Abstract
Purpose:
This study was conducted to examine the concentration of nutrients in transitional breast milk from Korean lactating mothers and to evaluate daily intakes of their infants based on the Dietary Reference Intakes for Koreans 2010 (KDRIs 2010).
Methods:
Breast milk samples were collected at 5~15 days postpartum from 100 healthy lactating Korean mothers. Macro- and micro-nutrients, and immunoglobulin (Igs) concentrations in breast milk were analyzed.
Results:
The mean energy, protein, fat, and carbohydrate concentrations in breast milk were 59.99 ± 8.01 kcal/dL, 1.47 ± 0.27 g/dL, 2.88 ± 0.89 g/dL, and 6.72 ± 0.22 g/dL. The mean linoleic acid (LA), a-linolenic acid (ALA), arachidonic acid (AA), and docosahexaenoic acid (DHA) concentrations were 181.44 ± 96.41 mg/dL, 28.15 ± 8.89 mg/dL, 5.67 ± 1.86 mg/dL, and 5.74 ± 2.57 mg/dL. The mean vitamin A, vitamin D, vitamin E, vitamin B1, vitamin B2, vitamin B12, and folate concentrations were 2.75 ± 1.75 µg/dL, 2.31 ± 1.12 ng/dL, 0.74 ± 1.54 mg/dL, 3.02 ± 1.84 mg/dL, 7.51 ± 20.96 µg/dL, 61.78 ± 26.78 µg/dL, 63.71 ± 27.19 ng/dL, and 0.52 ± 0.26 µg/dL. The mean concentrations of calcium, iron, potassium, sodium, zinc, and copper were 20.71 ± 3.34 mg/dL, 0.59 ± 0.86 mg/dL, 66.71 ± 10.35 mg/dL, 27.72 ± 10.16 mg/dL, 0.44 ± 0.41 mg/ dL, and 70.48 ± 30.41 µg/dL. The mean IgA and total IgE concentrations were 61.85 ± 31.97 mg/dL and 235.00 ± 93.00 IU/dL. The estimated daily intakes of infants for protein, vitamin D, vitamin E, vitamin B2, vitamin B12, iron, potassium, sodium, zinc, and copper were sufficient compared to KDRIs 2010 adjusted by transitory milk intakes.

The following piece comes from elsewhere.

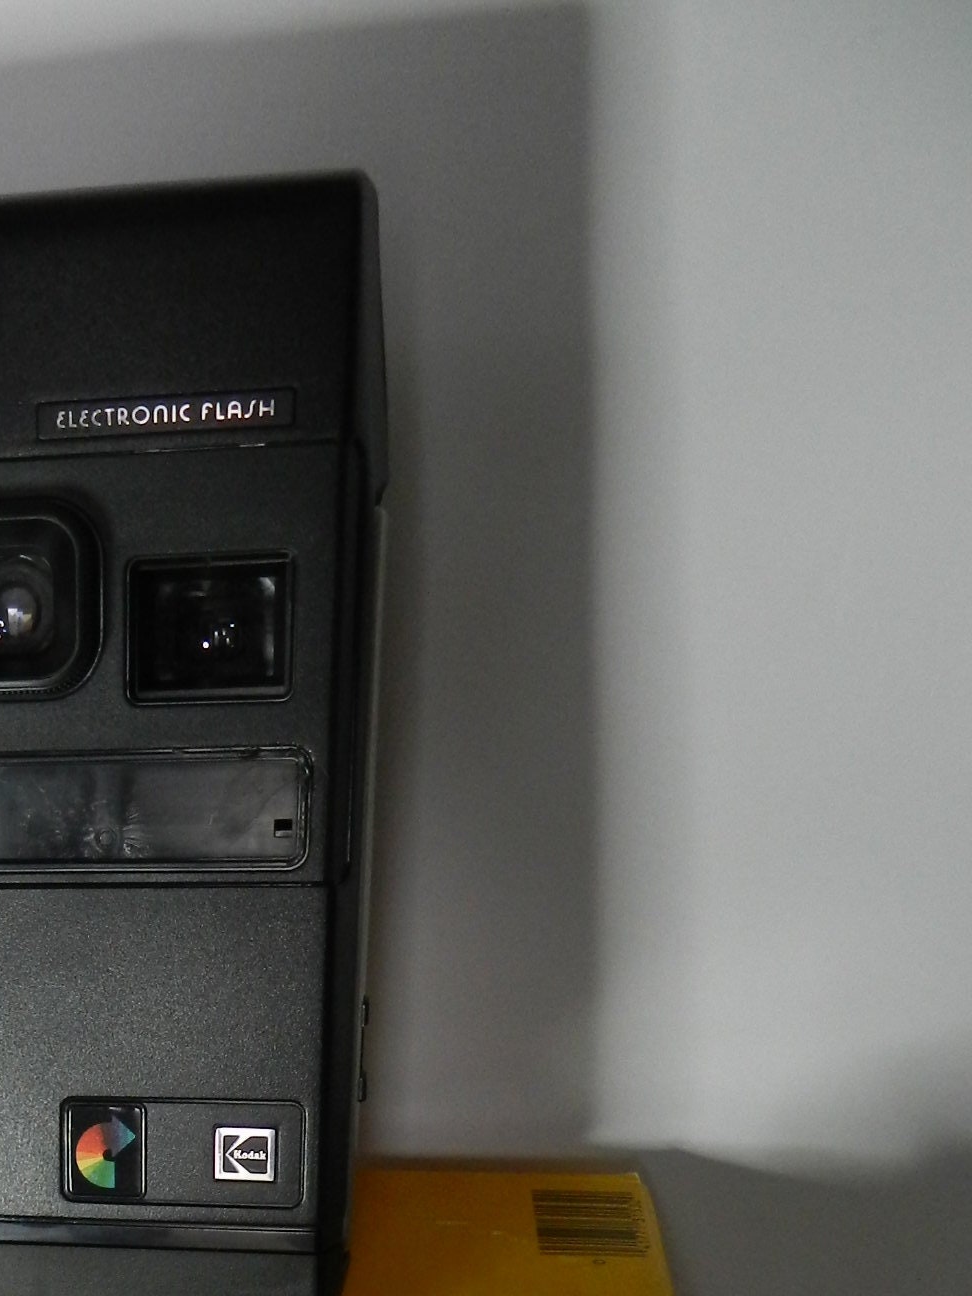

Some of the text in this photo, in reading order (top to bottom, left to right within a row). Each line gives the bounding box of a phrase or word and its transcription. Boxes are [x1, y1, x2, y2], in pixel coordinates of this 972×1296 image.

The estimated infants' intakes of energy, fat, carbohydrate, vitamin A, vitamin C, vitamin B1, folate, and calcium did not meet KDRIs 2010 adjusted by transitory milk intakes.
Conclusion:
In general most estimated nutrient intakes of Korean breastfed infants in transitory breast milk were sufficient, however some nutrient intakes were not sufficient based on KDRIs 2010. These results warrant conduct of future studies for investigation of important dietary factors associated with nutrients in breast milk to improve the quality of breast milk, which may contribute to understanding nutrition in early life and promoting growth and development of breastfed infants.